Each line below has to be set down again exactly.

> _Data for the task_:
________________________

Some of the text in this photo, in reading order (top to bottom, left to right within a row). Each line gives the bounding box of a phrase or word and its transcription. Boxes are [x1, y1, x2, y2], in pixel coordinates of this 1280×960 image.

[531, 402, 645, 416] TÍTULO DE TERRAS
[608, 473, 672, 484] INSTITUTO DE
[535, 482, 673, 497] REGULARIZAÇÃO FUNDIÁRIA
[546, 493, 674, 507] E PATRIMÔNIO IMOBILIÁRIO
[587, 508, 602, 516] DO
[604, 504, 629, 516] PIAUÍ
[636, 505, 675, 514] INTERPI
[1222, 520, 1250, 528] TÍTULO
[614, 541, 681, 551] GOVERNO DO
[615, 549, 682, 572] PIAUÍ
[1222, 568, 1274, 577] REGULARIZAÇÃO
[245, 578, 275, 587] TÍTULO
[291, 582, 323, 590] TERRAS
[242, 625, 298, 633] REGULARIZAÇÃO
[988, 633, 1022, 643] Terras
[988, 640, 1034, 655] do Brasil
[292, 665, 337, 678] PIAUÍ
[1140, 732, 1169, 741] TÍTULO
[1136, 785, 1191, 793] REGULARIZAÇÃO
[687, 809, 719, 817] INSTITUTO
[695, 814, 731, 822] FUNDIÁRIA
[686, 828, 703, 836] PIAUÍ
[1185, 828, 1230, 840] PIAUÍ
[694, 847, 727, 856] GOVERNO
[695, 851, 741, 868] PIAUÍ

________________________

> _Solution for this problem_:
Some of the text in this photo, in reading order (top to bottom, left to right within a row). Each line gives the bounding box of a phrase or word and its transcription. Boxes are [x1, y1, x2, y2], in pixel coordinates of this 1280×960 image.

[531, 402, 645, 416] TÍTULO DE TERRAS
[608, 473, 672, 484] INSTITUTO DE
[535, 482, 673, 497] REGULARIZAÇÃO FUNDIÁRIA
[546, 493, 674, 507] E PATRIMÔNIO IMOBILIÁRIO
[587, 508, 602, 516] DO
[604, 504, 629, 516] PIAUÍ
[636, 505, 675, 514] INTERPI
[1222, 520, 1250, 528] TÍTULO
[614, 541, 681, 551] GOVERNO DO
[615, 549, 682, 572] PIAUÍ
[1222, 568, 1274, 577] REGULARIZAÇÃO
[245, 578, 275, 587] TÍTULO
[291, 582, 323, 590] TERRAS
[242, 625, 298, 633] REGULARIZAÇÃO
[988, 633, 1022, 643] Terras
[988, 640, 1034, 655] do Brasil
[292, 665, 337, 678] PIAUÍ
[1140, 732, 1169, 741] TÍTULO
[1136, 785, 1191, 793] REGULARIZAÇÃO
[687, 809, 719, 817] INSTITUTO
[695, 814, 731, 822] FUNDIÁRIA
[686, 828, 703, 836] PIAUÍ
[1185, 828, 1230, 840] PIAUÍ
[694, 847, 727, 856] GOVERNO
[695, 851, 741, 868] PIAUÍ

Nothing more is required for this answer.